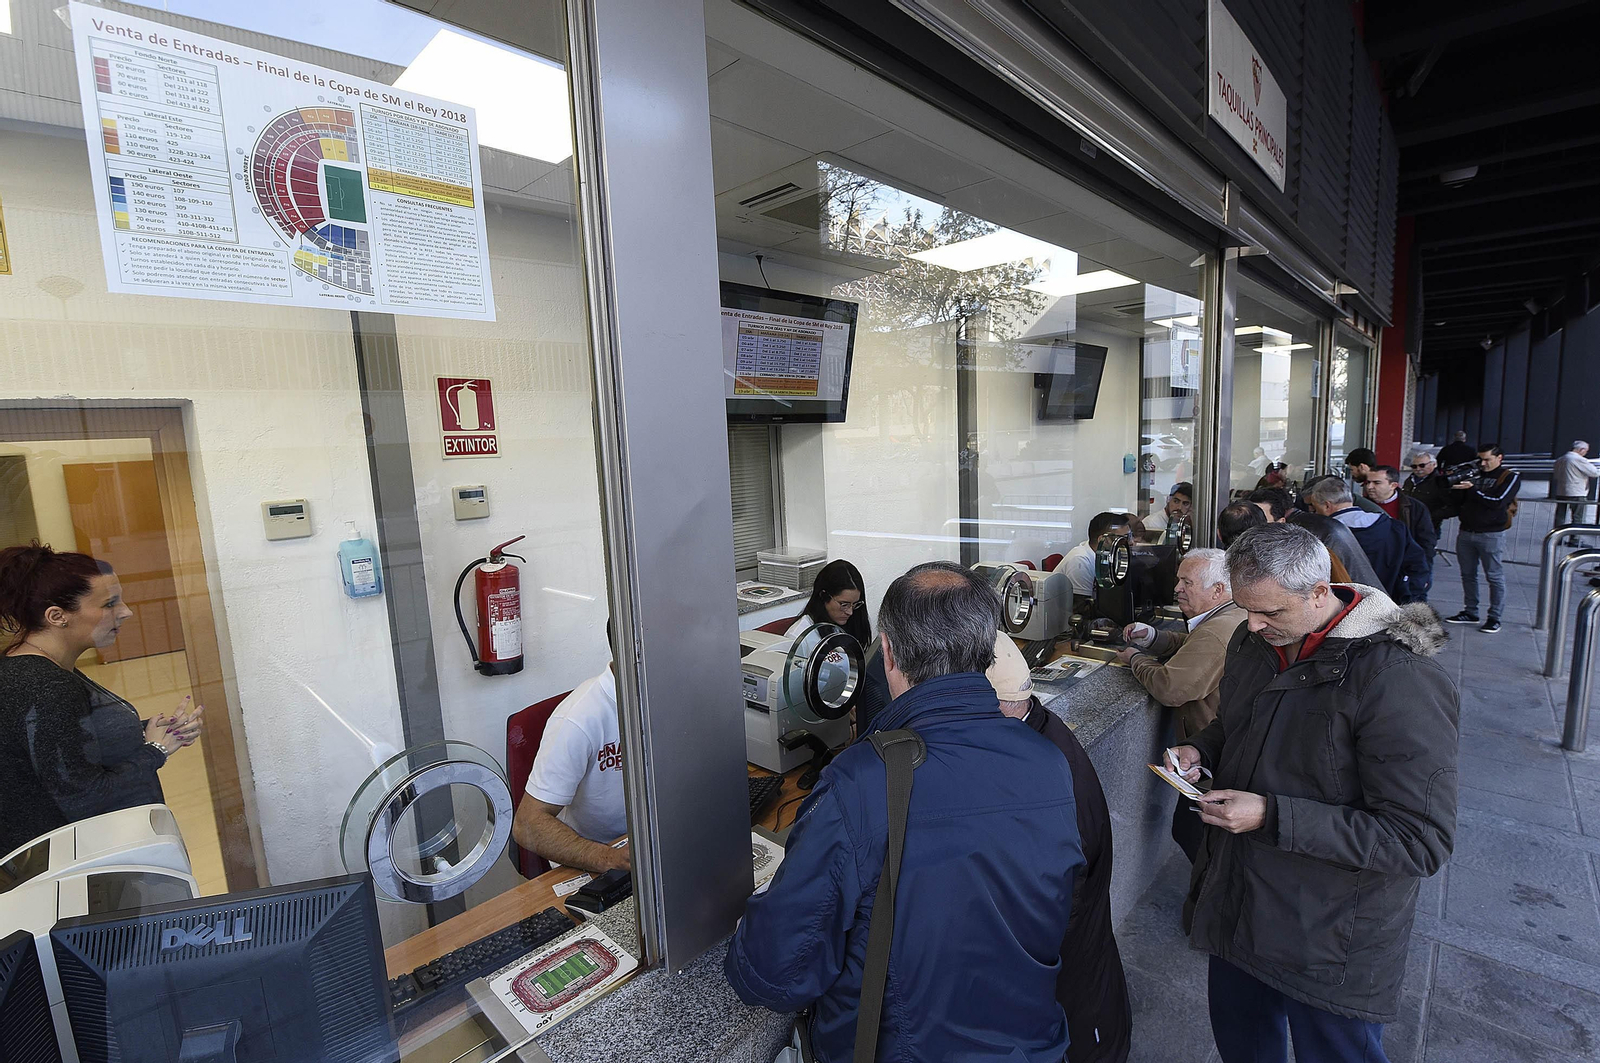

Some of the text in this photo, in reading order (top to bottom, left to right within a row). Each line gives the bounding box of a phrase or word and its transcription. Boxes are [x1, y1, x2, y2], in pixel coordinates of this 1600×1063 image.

[109, 53, 186, 75] Precio Sectores
[134, 50, 177, 64] Fondo Norte
[91, 17, 143, 41] Venta
[147, 31, 168, 47] de
[172, 38, 239, 65] Entradas
[256, 59, 288, 77] Final
[293, 69, 309, 83] de
[313, 74, 324, 87] la
[329, 79, 360, 98] Copa
[363, 87, 378, 100] de
[381, 92, 400, 106] SM
[403, 98, 413, 109] el
[417, 102, 437, 117] Rey
[440, 108, 466, 123] 2018
[143, 110, 167, 119] Lateral
[1217, 71, 1284, 169] TAQUILLAS PRINCIPALES
[117, 114, 193, 132] Precio Sectores
[168, 156, 194, 165] 423-424
[241, 154, 251, 173] NORTE
[148, 167, 171, 175] Lateral
[124, 172, 200, 188] Precio Sectores
[174, 196, 212, 206] 108-109-110
[396, 198, 452, 212] CONSULTAS FRECUENTES
[176, 212, 214, 222] 310-311-312
[131, 236, 189, 247] RECOMENDACIONES
[445, 438, 496, 452] EXTINTOR
[824, 652, 843, 662] OPA
[161, 916, 252, 954] DELL

....

- _INSTRUCTIONS TO FOLLOW_: Retype the records verbatim, excluding each image they hold.

- _SOLUTION_:
Some of the text in this photo, in reading order (top to bottom, left to right within a row). Each line gives the bounding box of a phrase or word and its transcription. Boxes are [x1, y1, x2, y2], in pixel coordinates of this 1600×1063 image.

[109, 53, 186, 75] Precio Sectores
[134, 50, 177, 64] Fondo Norte
[91, 17, 143, 41] Venta
[147, 31, 168, 47] de
[172, 38, 239, 65] Entradas
[256, 59, 288, 77] Final
[293, 69, 309, 83] de
[313, 74, 324, 87] la
[329, 79, 360, 98] Copa
[363, 87, 378, 100] de
[381, 92, 400, 106] SM
[403, 98, 413, 109] el
[417, 102, 437, 117] Rey
[440, 108, 466, 123] 2018
[143, 110, 167, 119] Lateral
[1217, 71, 1284, 169] TAQUILLAS PRINCIPALES
[117, 114, 193, 132] Precio Sectores
[168, 156, 194, 165] 423-424
[241, 154, 251, 173] NORTE
[148, 167, 171, 175] Lateral
[124, 172, 200, 188] Precio Sectores
[174, 196, 212, 206] 108-109-110
[396, 198, 452, 212] CONSULTAS FRECUENTES
[176, 212, 214, 222] 310-311-312
[131, 236, 189, 247] RECOMENDACIONES
[445, 438, 496, 452] EXTINTOR
[824, 652, 843, 662] OPA
[161, 916, 252, 954] DELL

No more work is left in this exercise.